═════ DATA FOR THIS EXERCISE ═════
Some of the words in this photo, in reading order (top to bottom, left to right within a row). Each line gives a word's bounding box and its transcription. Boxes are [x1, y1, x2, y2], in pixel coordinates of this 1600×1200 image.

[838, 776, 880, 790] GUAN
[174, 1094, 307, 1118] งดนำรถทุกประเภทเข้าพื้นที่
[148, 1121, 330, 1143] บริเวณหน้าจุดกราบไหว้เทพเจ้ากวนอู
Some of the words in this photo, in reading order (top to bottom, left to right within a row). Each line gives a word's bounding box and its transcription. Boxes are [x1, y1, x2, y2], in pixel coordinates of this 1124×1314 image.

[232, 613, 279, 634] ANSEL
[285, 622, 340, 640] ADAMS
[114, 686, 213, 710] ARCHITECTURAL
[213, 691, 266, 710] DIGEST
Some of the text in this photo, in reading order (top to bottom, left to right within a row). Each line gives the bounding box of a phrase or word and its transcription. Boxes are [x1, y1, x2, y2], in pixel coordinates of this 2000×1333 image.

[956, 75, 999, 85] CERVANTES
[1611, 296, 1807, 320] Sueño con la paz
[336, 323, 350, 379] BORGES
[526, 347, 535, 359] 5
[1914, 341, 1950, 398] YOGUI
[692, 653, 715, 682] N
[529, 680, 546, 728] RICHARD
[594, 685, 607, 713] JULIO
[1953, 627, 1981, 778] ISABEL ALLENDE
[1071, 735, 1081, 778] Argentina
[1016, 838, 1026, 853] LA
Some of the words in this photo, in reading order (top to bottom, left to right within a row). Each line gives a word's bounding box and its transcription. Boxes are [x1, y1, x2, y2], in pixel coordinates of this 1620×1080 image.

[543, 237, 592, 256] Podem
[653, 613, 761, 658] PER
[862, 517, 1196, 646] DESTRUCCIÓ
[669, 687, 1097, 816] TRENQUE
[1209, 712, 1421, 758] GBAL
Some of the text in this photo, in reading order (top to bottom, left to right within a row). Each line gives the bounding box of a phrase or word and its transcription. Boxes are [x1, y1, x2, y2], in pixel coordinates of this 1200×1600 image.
═════
> _WORK TO BE COMPLETED_:
Go through the records above and copy each line exactly.

> _ANSWER TO THIS EXERCISE_:
Some of the words in this photo, in reading order (top to bottom, left to right within a row). Each line gives a word's bounding box and its transcription. Boxes are [x1, y1, x2, y2], in pixel coordinates of this 1600×1200 image.

[838, 776, 880, 790] GUAN
[174, 1094, 307, 1118] งดนำรถทุกประเภทเข้าพื้นที่
[148, 1121, 330, 1143] บริเวณหน้าจุดกราบไหว้เทพเจ้ากวนอู
Some of the words in this photo, in reading order (top to bottom, left to right within a row). Each line gives a word's bounding box and its transcription. Boxes are [x1, y1, x2, y2], in pixel coordinates of this 1124×1314 image.

[232, 613, 279, 634] ANSEL
[285, 622, 340, 640] ADAMS
[114, 686, 213, 710] ARCHITECTURAL
[213, 691, 266, 710] DIGEST
Some of the text in this photo, in reading order (top to bottom, left to right within a row). Each line gives the bounding box of a phrase or word and its transcription. Boxes are [x1, y1, x2, y2], in pixel coordinates of this 2000×1333 image.

[956, 75, 999, 85] CERVANTES
[1611, 296, 1807, 320] Sueño con la paz
[336, 323, 350, 379] BORGES
[526, 347, 535, 359] 5
[1914, 341, 1950, 398] YOGUI
[692, 653, 715, 682] N
[529, 680, 546, 728] RICHARD
[594, 685, 607, 713] JULIO
[1953, 627, 1981, 778] ISABEL ALLENDE
[1071, 735, 1081, 778] Argentina
[1016, 838, 1026, 853] LA
Some of the words in this photo, in reading order (top to bottom, left to right within a row). Each line gives a word's bounding box and its transcription. Boxes are [x1, y1, x2, y2], in pixel coordinates of this 1620×1080 image.

[543, 237, 592, 256] Podem
[653, 613, 761, 658] PER
[862, 517, 1196, 646] DESTRUCCIÓ
[669, 687, 1097, 816] TRENQUE
[1209, 712, 1421, 758] GBAL
Some of the text in this photo, in reading order (top to bottom, left to right within a row). Each line gives the bounding box of a phrase or word and its transcription. Boxes are [x1, y1, x2, y2], in pixel coordinates of this 1200×1600 image.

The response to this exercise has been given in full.